• [What is required] Leaving the pictures aside, restate all of the data exactly.

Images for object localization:
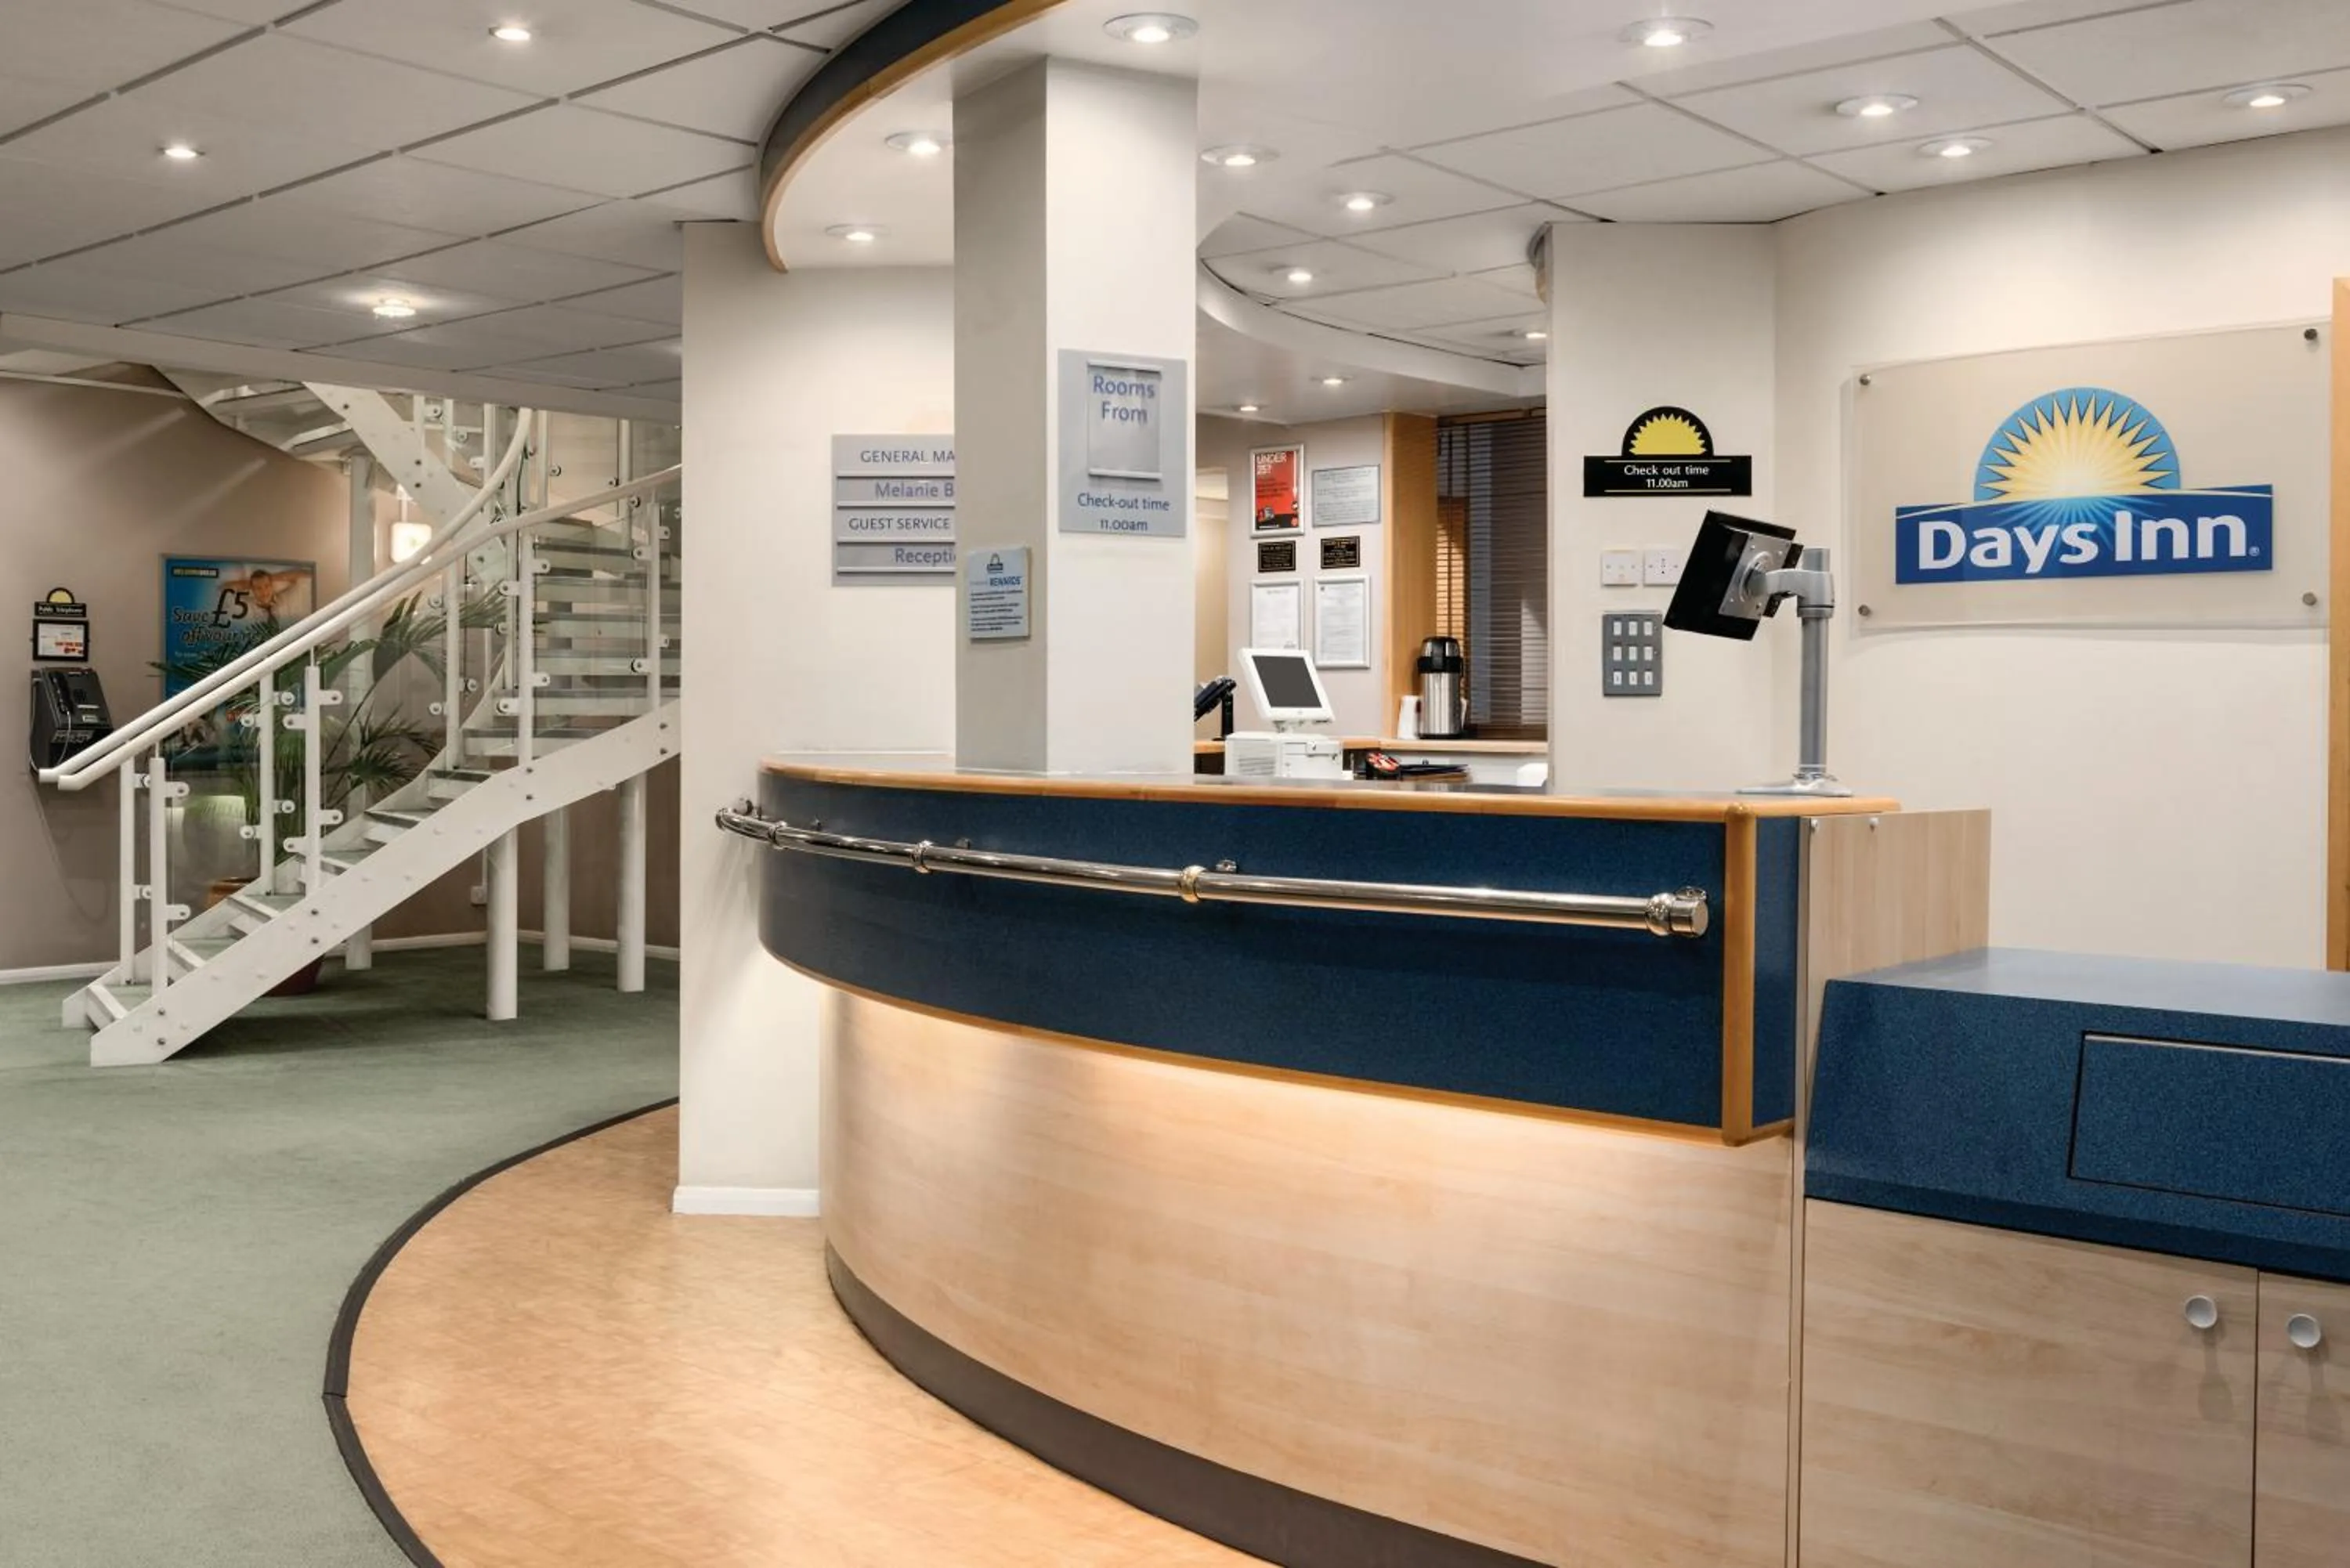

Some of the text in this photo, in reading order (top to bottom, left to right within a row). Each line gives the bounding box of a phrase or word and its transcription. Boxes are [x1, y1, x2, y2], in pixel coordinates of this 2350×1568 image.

[1093, 375, 1155, 399] Rooms
[1101, 401, 1148, 424] From
[860, 450, 928, 463] GENERAL
[1624, 464, 1710, 475] Check out time
[875, 482, 938, 498] Melanie
[1646, 478, 1689, 488] 11.00am
[1077, 492, 1170, 511] Check-out time
[848, 517, 950, 530] GUEST SERVICE
[1100, 518, 1148, 531] 11.00am
[1918, 510, 2247, 574] Days Inn
[895, 547, 956, 567] Recepti
[173, 588, 250, 629] Save £5

• [Answer below]
Some of the text in this photo, in reading order (top to bottom, left to right within a row). Each line gives the bounding box of a phrase or word and its transcription. Boxes are [x1, y1, x2, y2], in pixel coordinates of this 2350×1568 image.

[1093, 375, 1155, 399] Rooms
[1101, 401, 1148, 424] From
[860, 450, 928, 463] GENERAL
[1624, 464, 1710, 475] Check out time
[875, 482, 938, 498] Melanie
[1646, 478, 1689, 488] 11.00am
[1077, 492, 1170, 511] Check-out time
[848, 517, 950, 530] GUEST SERVICE
[1100, 518, 1148, 531] 11.00am
[1918, 510, 2247, 574] Days Inn
[895, 547, 956, 567] Recepti
[173, 588, 250, 629] Save £5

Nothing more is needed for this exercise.